Step 4 - GitHub Copilot users - narrow VS Code window scope
For Copilot Chat and inline edits in VS Code:
- Prefer opening the single-folder workspace for deep refactors.
- When you must stay multi-root, mention full paths in prompts and ask for a file list before applying patches.
- If your team uses instructions files supported by your Copilot setup, store them in the repo that should own behavior and reference paths there explicitly.
The principle matches Cursor: reduce parallel truths.
Step 5 - Add mechanical verification before you trust the result
After any AI-assisted batch edit:
- Run
git statusfrom each root or from the monorepo root and confirm changed paths match the intended prefix. - Search for accidental duplicates: two modified files with the same relative suffix (
Assets/Scripts/Player.cs) under different roots. - Open your game engine and confirm the edited asset appears in the expected project window.
If you use Unity, a wrong-root edit often still “looks fine” in isolation until meta files and GUID expectations diverge.
Alternative fixes for stubborn setups
- Submodule or git subtree layout: treat the consuming game root as the only writable tree during gameplay tasks; open that folder alone.
- Symlinked duplicates: eliminate duplicate paths assistants can confuse; symlink tricks are a frequent source of double matches.
- Generated folders: mark generated output directories as excluded from AI edits in your rules so assistants stop “fixing” build artifacts.
Prevention tips
- Keep a short runbook in your repo README: “How we open this repo in the IDE for gameplay work.”
- Standardize one command that opens the correct single-folder workspace for day-to-day engineering.
- When onboarding new contributors, show a bad example diff from a wrong-root edit so the failure mode is recognizable.

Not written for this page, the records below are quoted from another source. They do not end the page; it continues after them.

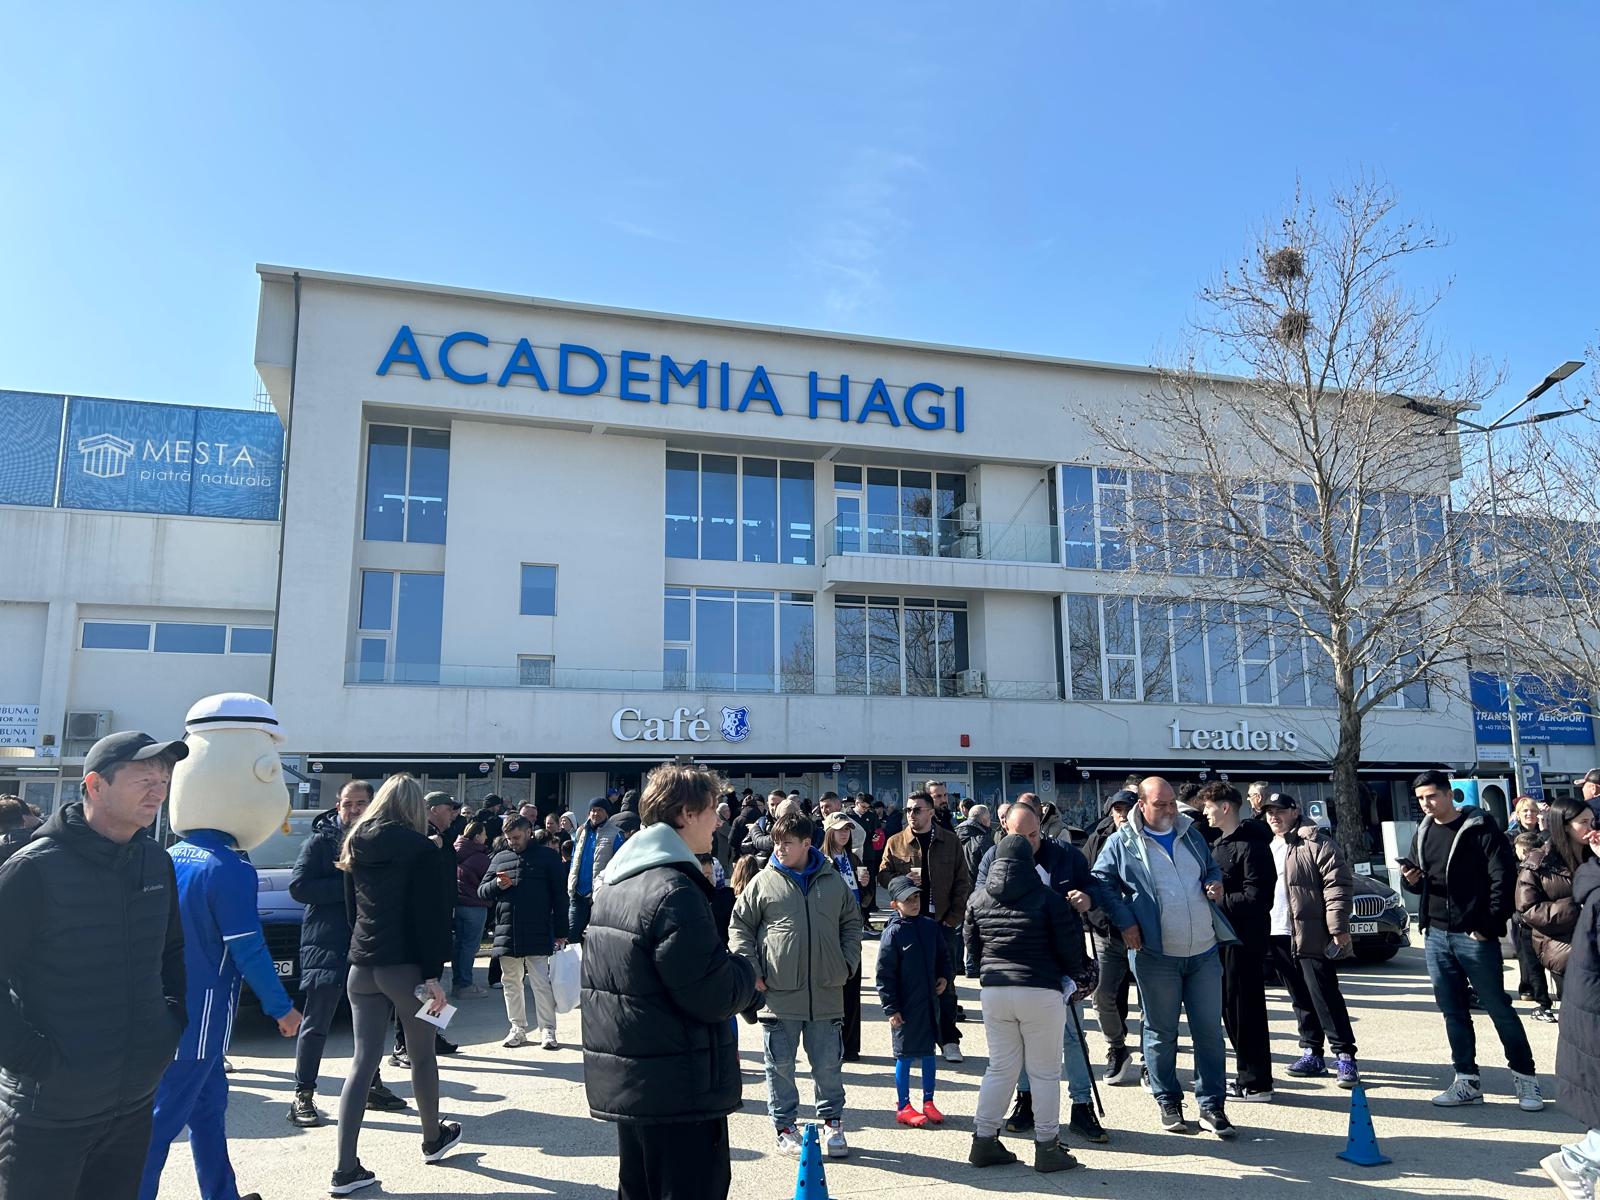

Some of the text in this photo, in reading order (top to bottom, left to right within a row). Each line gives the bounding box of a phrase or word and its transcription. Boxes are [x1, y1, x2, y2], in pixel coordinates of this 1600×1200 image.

[376, 325, 965, 433] ACADEMIA HAGI
[142, 438, 255, 468] MESTA
[611, 706, 711, 742] Café
[1476, 711, 1586, 723] TRANSORT AEROPORT
[1168, 719, 1299, 751] Leaders
[1357, 923, 1374, 933] FCX
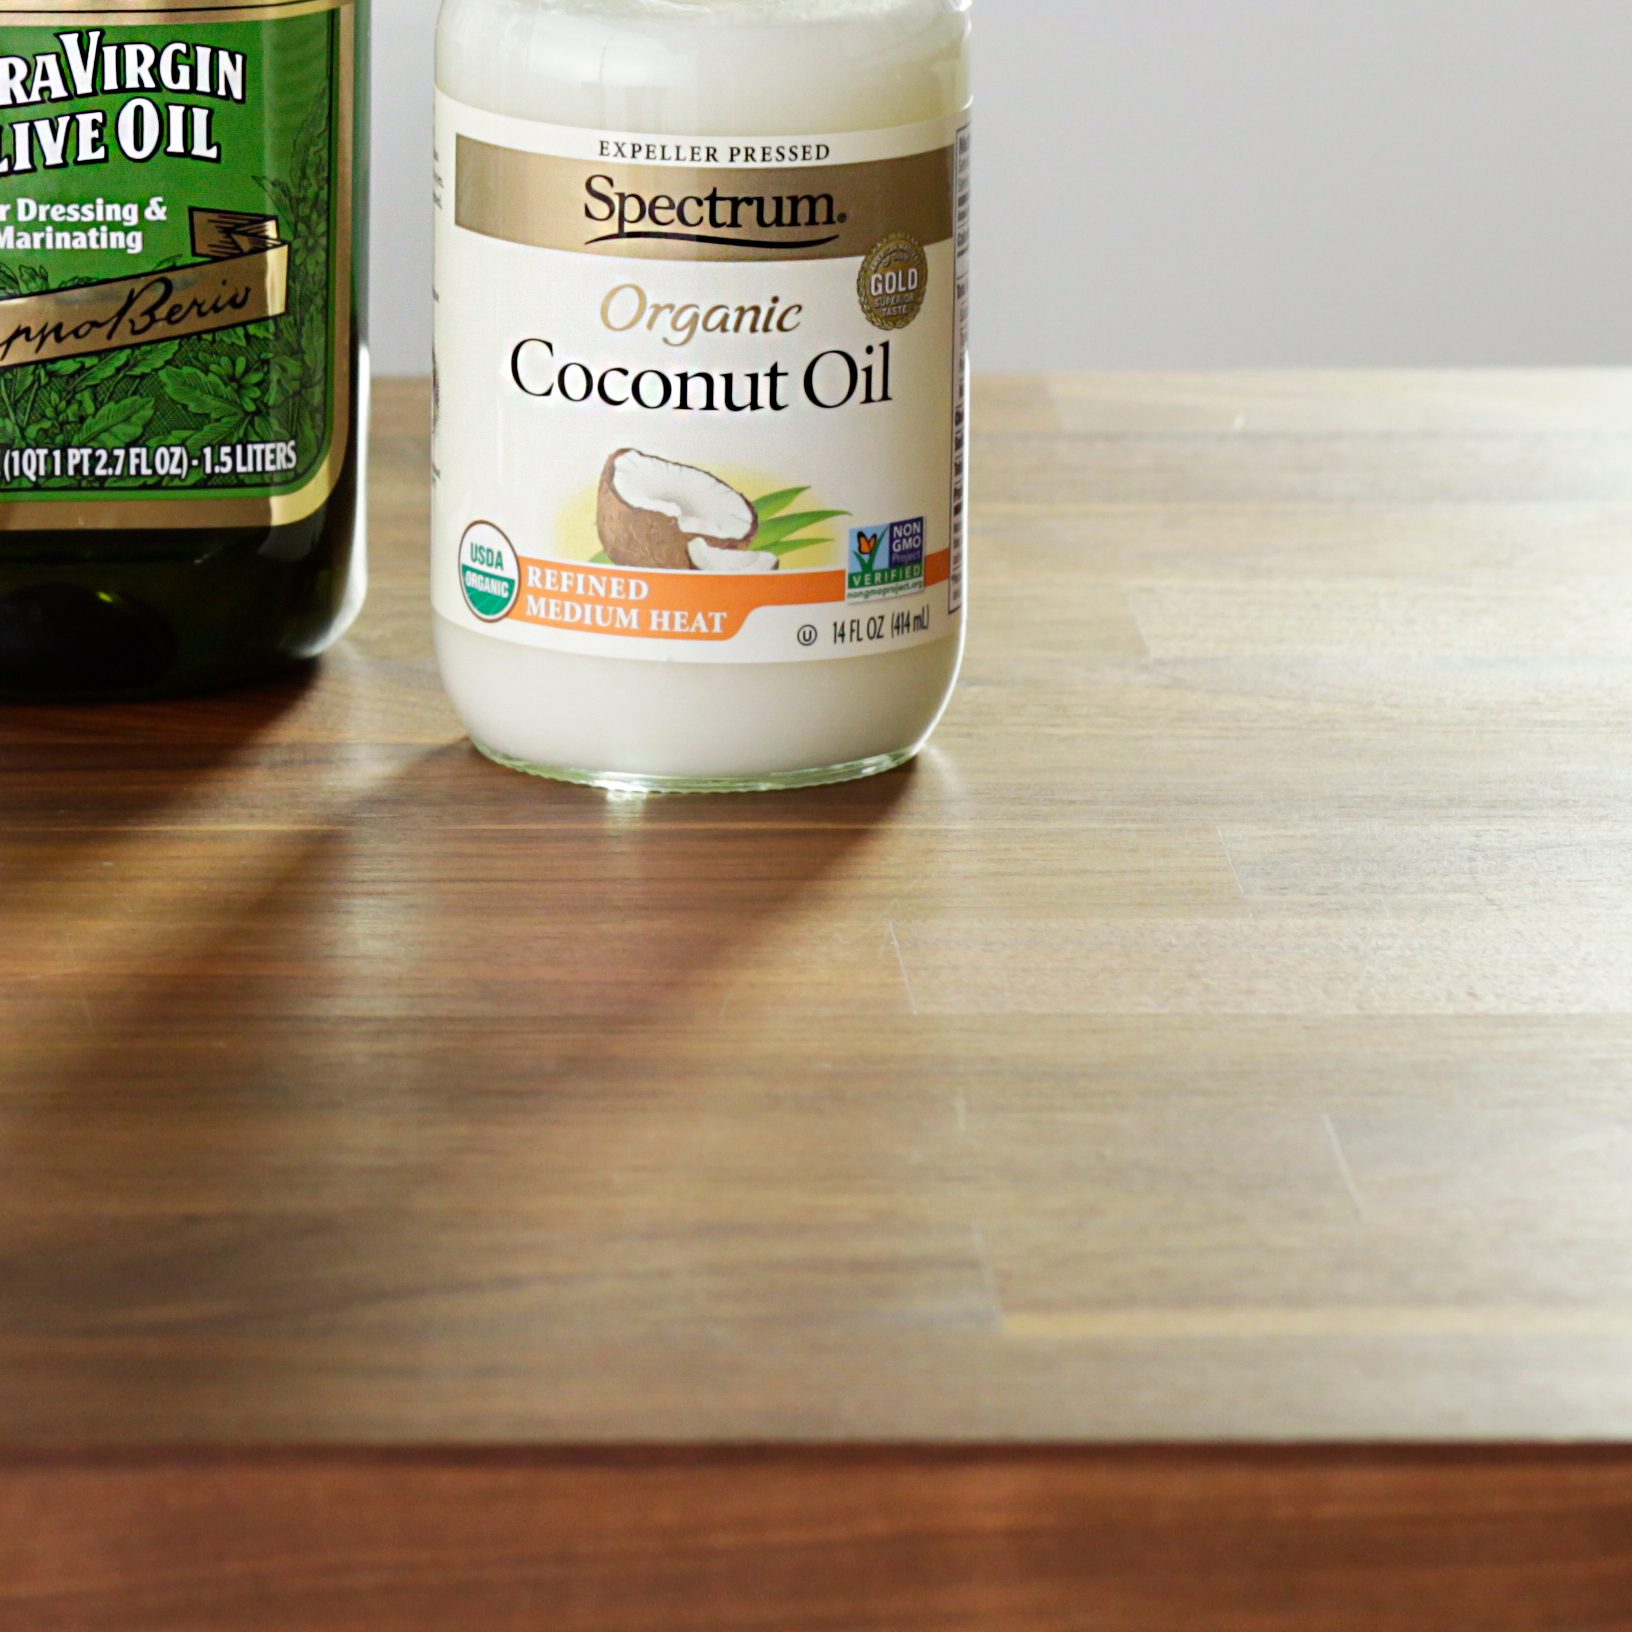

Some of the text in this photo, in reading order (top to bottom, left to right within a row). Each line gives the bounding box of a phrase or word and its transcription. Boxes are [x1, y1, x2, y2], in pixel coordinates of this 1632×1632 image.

Related problems and links
- Wrong content pipeline after asset edits: verify you are not mixing Addressables or streaming assets across branches; see our Unity Addressables invalid key runtime asset loading fix if loads fail after path churn.
- Godot edits not reflected: confirm you edited the same folder Godot opened; see Godot 4.5 C# hot reload not working for project-folder alignment habits.
- Quest build-only interaction issues after “fixes”: validate device-target edits landed in the Unity project you actually ship; see Unity XR hands jitter or teleport in Quest build.
Official references:
- Visual Studio Code documentation on multi-root workspaces
Bookmark this page if you routinely keep multiple engines or forks in one IDE window.
Share it when someone asks why AI refactors “worked locally” but touched the wrong subtree.
FAQ
Should I stop using multi-root workspaces entirely?
Not necessarily. Multi-root is useful for tooling and docs. For high-risk refactors, temporarily switch to a single-folder window.
What prompt prefix works best?
A path prefix works best: “Under unity-client/Assets/... only, change …” Avoid vague nouns like “the scripts folder” when multiple roots have Scripts.
Does putting the game folder first always fix it?
It helps human workflow and some searches, but it is not a guarantee. Combine ordering with rules and verification.
What if both roots are Unity projects?
Treat that as maximum risk. Strongly prefer separate IDE windows, distinct workspace files, and explicit filename prefixes in prompts.
Is this a bug in Cursor or Copilot?
Usually it is ambiguous workspace context, not a single deterministic defect. Treat it as a workflow problem you control with scope discipline.